Un portrait saisissant montrant les violentes contradictions d’une nouvelle génération d’aspirants moudjahidines, nés ou élevés en Europe, à la fois hyper-connectée et déconnectée de la réalité. Prune Antoine, journaliste française installée à Berlin, croise la route de Djahar en juin 2013. Son accent slave, son allure de boxeur du Caucase et son parcours d’intégration chaotique éveillent immédiatement la curiosité de la reporter. A priori, tout les oppose. Elle a choisi Berlin pour sa vie bohème, il est arrivé en Allemagne au terme d’un voyage de quatre jours au fond d’un camion. Elle cherche le dialogue par ses écrits, il se fait respecter grâce à ses poings. Elle est féministe, il est musulman salafiste.

Ce qui les rapproche, c’est d’être confronté, en tant qu’étranger, aux questions d’identité, de racines dans une Allemagne tiraillée autour de son modèle de ‘Willkommenskultur’. Seule ombre au tableau de cette amitié naissante : la radicalisation religieuse du jeune homme, via les réseaux sociaux, qui étonne puis inquiète Prune Antoine. Surtout lorsque Djahar lui annonce qu’il pense partir en Syrie faire le djihad.

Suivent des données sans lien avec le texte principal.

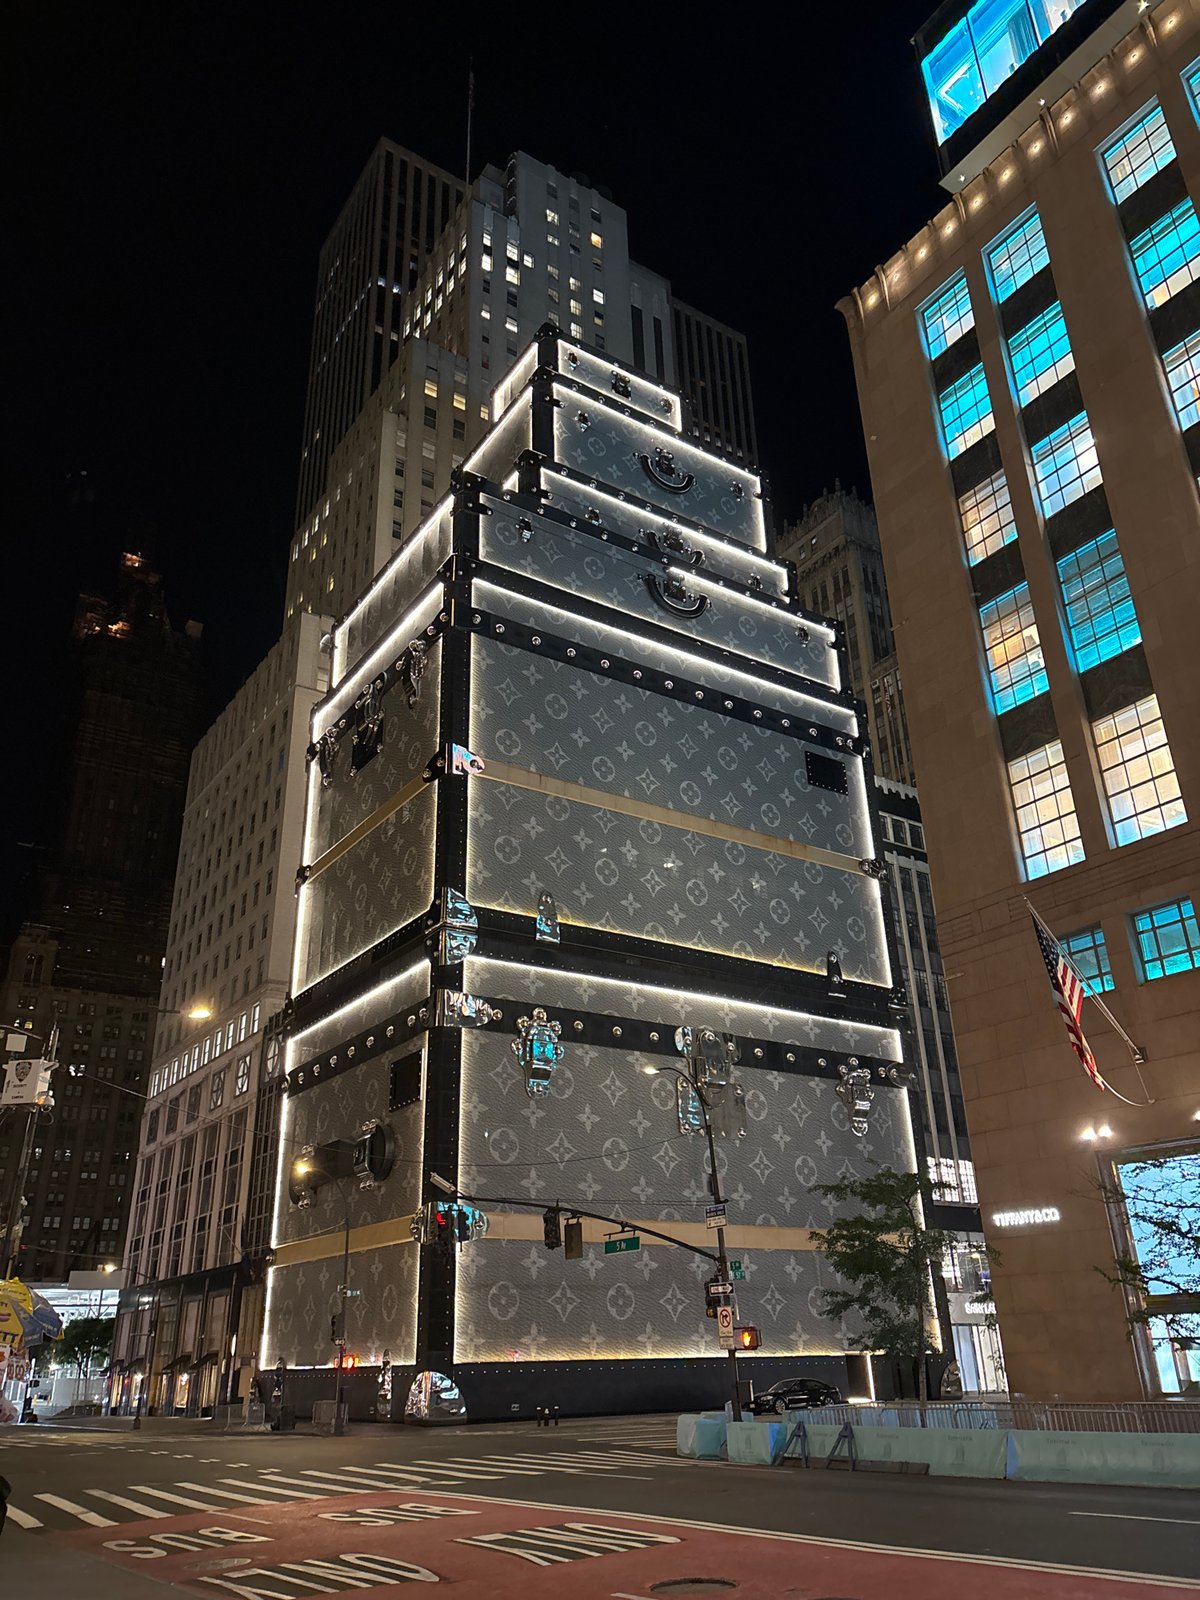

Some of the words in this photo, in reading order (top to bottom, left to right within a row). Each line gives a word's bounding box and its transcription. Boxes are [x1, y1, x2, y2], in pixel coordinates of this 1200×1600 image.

[616, 1241, 621, 1251] 5
[318, 1503, 482, 1526] BUS
[102, 1527, 275, 1559] BUS
[453, 1523, 681, 1566] ONLY
[197, 1553, 440, 1600] ONLY

La Fille & Le Moudjahidine, en vente ici. Couverture Giulio Zucchini.

PROLOGUE

Septembre 2014

« L’été indien tire ses dernières cartouches. Les rayons du soleil couchant dessinent des ombres sur le visage de Djahar, alors qu’il gare sa voiture derrière une authentique Trabant repeinte en rose. Il n’y a plus que dans les villes d’ex-RDA que ce genre de véhicule existe encore. En cette fin d’après-midi, il a décidé de m’emmener au « paradis ». C’est le nom donné à un nouveau square, inauguré par la municipalité en vue des célébrations pour le 25e anniversaire de la chute du mur de Berlin. Les édiles n’ont pas lésiné pour que l’on s’y croie, dans le jardin d’Éden : rosiers luxuriants, buissons taillés en formes d’animaux et structures rondes en acier aux couleurs acidulées pom-pées sur Jeff Koons s’étalent sur une pelouse vert électrique.

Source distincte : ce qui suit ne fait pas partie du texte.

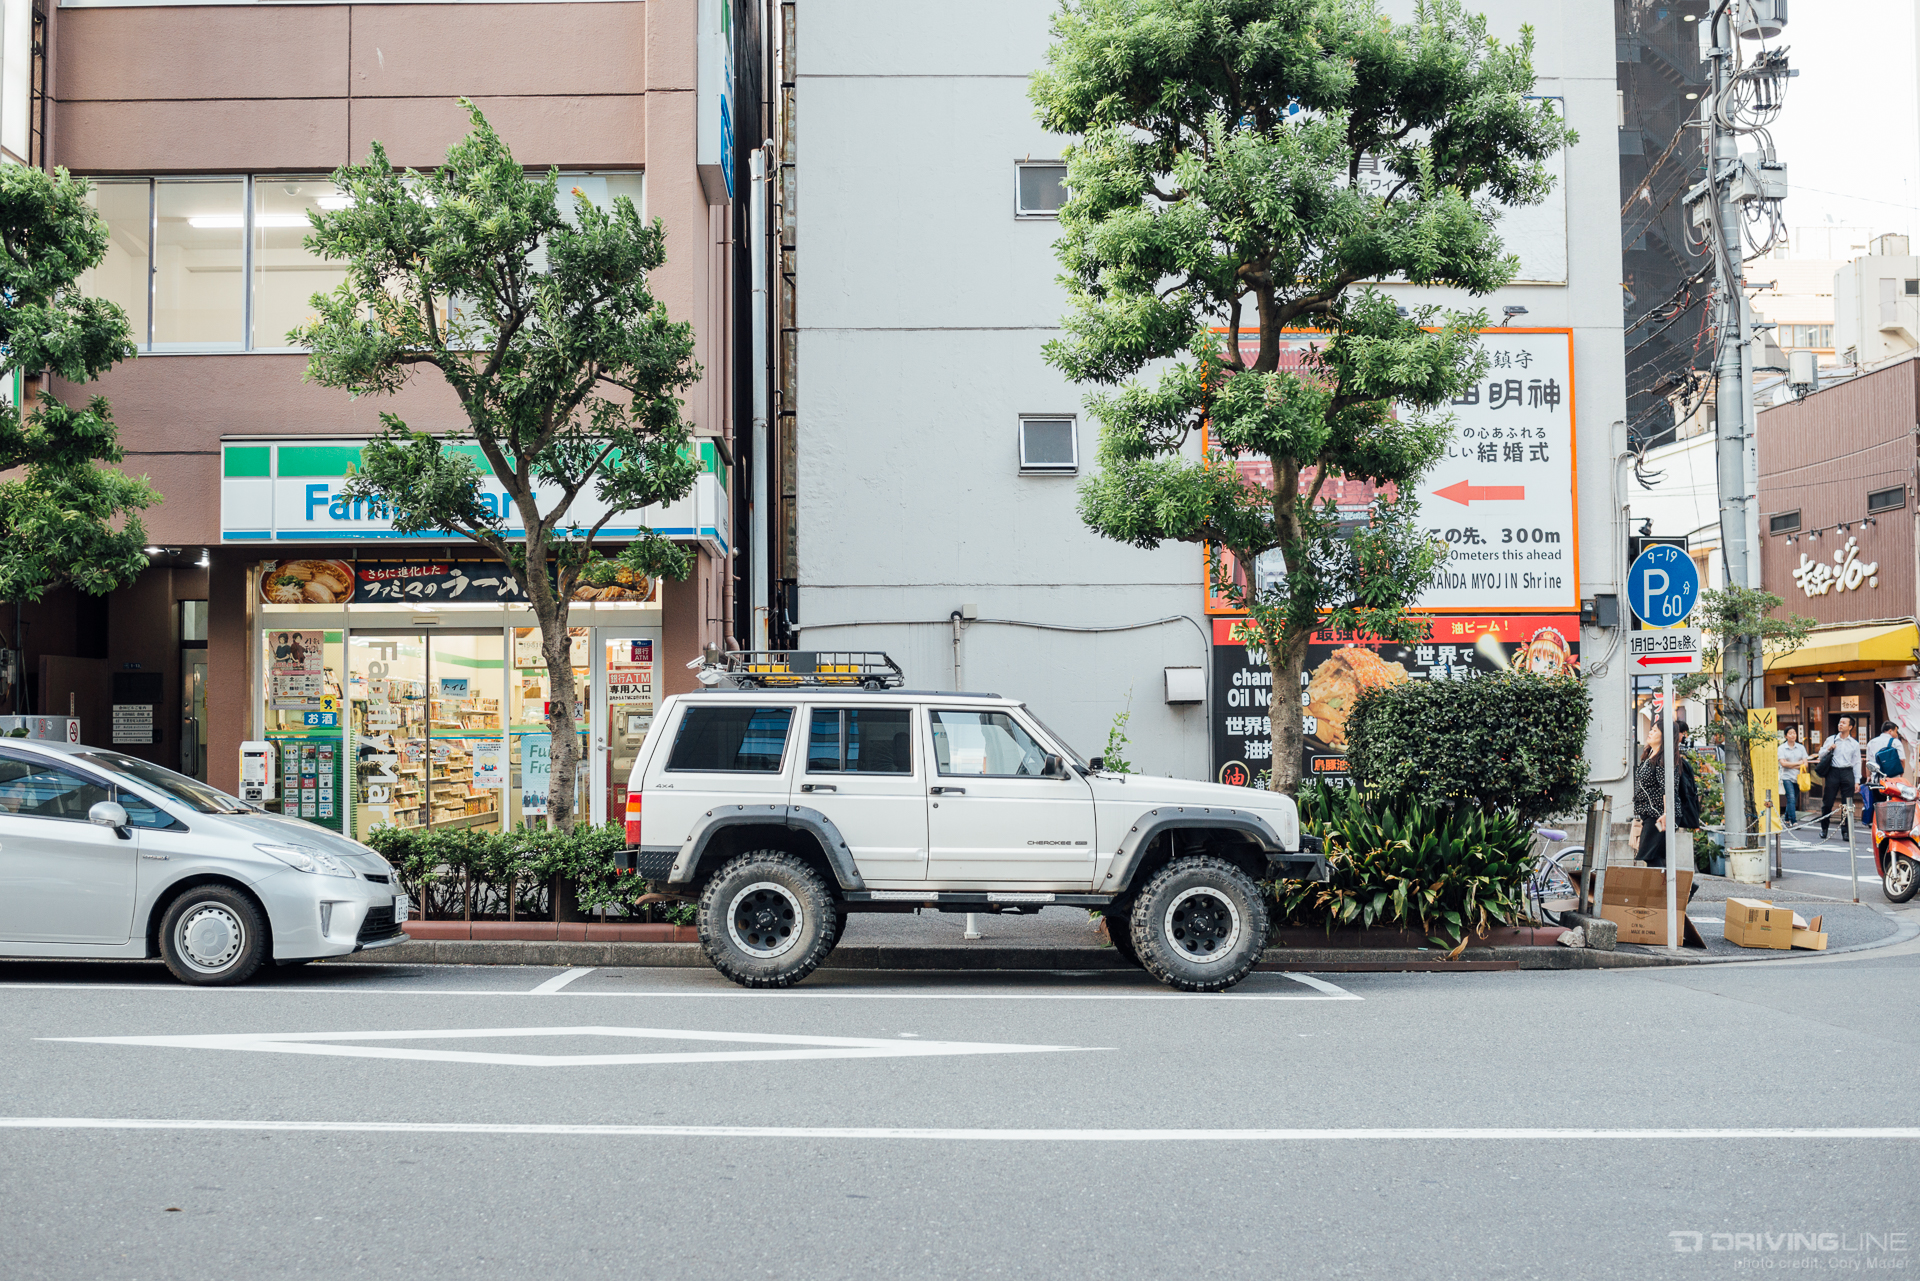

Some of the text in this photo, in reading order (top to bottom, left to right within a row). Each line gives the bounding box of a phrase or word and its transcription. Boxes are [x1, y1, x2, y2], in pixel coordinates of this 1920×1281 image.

[1463, 427, 1547, 440] の心あふれる
[1449, 441, 1550, 463] しい結婚式
[305, 483, 537, 521] Famar
[1501, 528, 1561, 544] 300m
[1502, 549, 1524, 560] this
[1526, 549, 1562, 560] ahead
[1647, 548, 1678, 564] 9-19
[367, 564, 441, 580] さらに進化した
[363, 568, 529, 600] ファミマのラーメ
[1471, 572, 1518, 590] MYOJIN
[1523, 572, 1562, 589] Shrine
[1682, 581, 1691, 595] 分
[1643, 568, 1682, 619] P 60
[634, 647, 650, 655] 銀行
[1415, 645, 1474, 666] 世界で
[1232, 667, 1309, 687] chamn
[443, 683, 466, 691] トイレ
[609, 684, 652, 694] 専用入口
[1227, 688, 1311, 708] Oil Noe
[307, 713, 334, 725] お酒
[1225, 715, 1318, 736] 世界的
[529, 744, 553, 758] Fu
[529, 760, 552, 774] Fre

« C’est pas mal, hein ? lance Djahar, un large sourire sur son visage rond.

– Les vieux ont l’air d’adorer », je réplique, en désignant des retraités trônant sur de délicats bancs en fer forgé, déambulateurs à portée de bras. Ils sont perdus dans la contemplation des fontaines en stuc et dodelinent de la tête sur un air d’opéra qui résonne dans l’air.

« J’ai un truc à te montrer, viens », dit-il en m’entraînant. Un peu à l’écart du jardin est installée une antique balancelle, garnie de lierre. Nous prenons place l’un à côté de l’autre, fesses calées dans des nacelles pastel, et Djahar sort son téléphone de la poche de son nouveau chino rouge vif. « T’as vu, j’ai le nouvel iPhone 6 ! » Il me le tend avec fierté. Les yeux perçants d’Oussama Ben Laden, très barbu et le visage engoncé dans la capuche d’une djellaba sombre, me regardent fixement.

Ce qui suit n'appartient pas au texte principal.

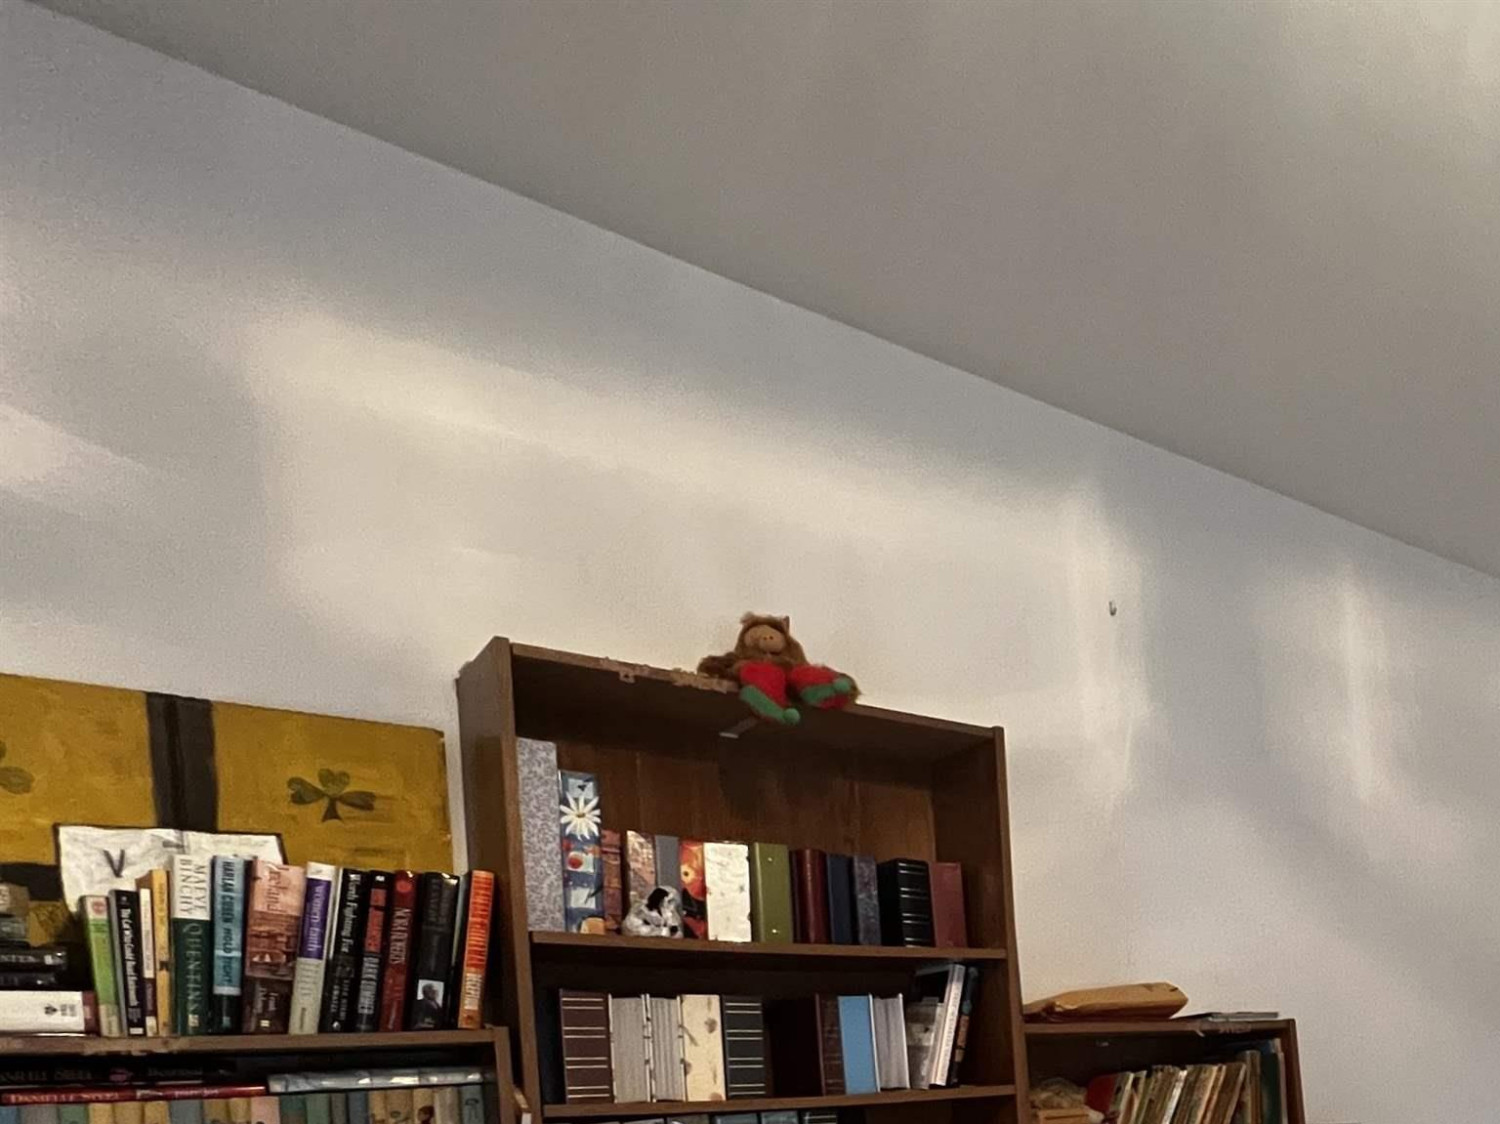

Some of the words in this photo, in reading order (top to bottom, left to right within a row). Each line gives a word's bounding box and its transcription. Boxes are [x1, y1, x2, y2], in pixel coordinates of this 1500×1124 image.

« C’est quoi ton Ben Laden en fond d’écran ? je lui demande, mi-perplexe, mi-ironique.

– T’as maté la décapitation de James Foley par les mecs de l’État islamique ? rétorque-t-il, en ôtant ses lunettes Gucci.

– Non.

– Ça te dérange de voir des morts ? m’interroge-t-il en jetant un regard prudent autour de lui.

– C’est pas mon activité favorite.

– Alors, regarde!»

Djahar clique sur une icône de son téléphone : un clip vidéo s’ouvre. Zoom au milieu du désert. L’étendard sombre de l’EI, frappé du sceau de Mahomet, flotte devant la caméra. Un homme, l’otage et journaliste américain James Foley, retenu prisonnier en Syrie depuis des mois, porte une tenue orange. Il se tient à genoux devant un homme en noir. Résigné, James Foley fixe la caméra et s’adresse à Barack Obama, l’implorant de retirer les troupes américaines d’Irak. Coupé. Visage masqué et poignard à la main, le bourreau se met à haranguer les « infidèles mécréants » dans un anglais excellent. Puis il tire brutalement la nuque de James Foley en arrière et pose le couteau sur sa pomme d’Adam. « Mate comme il le décapite », souffle Djahar tout excité, baissant le son de son téléphone. Je lui donne un coup de coude. La traduction en arabe s’affiche en sous-titre des images de l’exécution de l’otage qui n’est pas montrée, seule- ment suggérée, dans un montage digne des meilleurs blockbusters américains. Des plans de coupe du désert, du bourreau puis de l’otage de dos, en variant les angles, défi- lent sur l’écran. Au bout de deux minutes de barbarie, retour caméra : la tête de l’otage roule sur le sol. Je détourne les yeux, la nausée au bord des lèvres.

« Pourquoi tu regardes cette merde ? Tu es en contact avec des gens de l’État islamique, maintenant ?

– Oui. Je ne sais pas ce que je vais faire s’ils me proposent de partir… »

Il soupire, laissant volontairement sa phrase en suspens. Je n’en crois pas mes oreilles.

« Ne me dis pas que tu veux partir en Syrie ?

– Tout bon musulman se doit de rejoindre la “Terre promise”.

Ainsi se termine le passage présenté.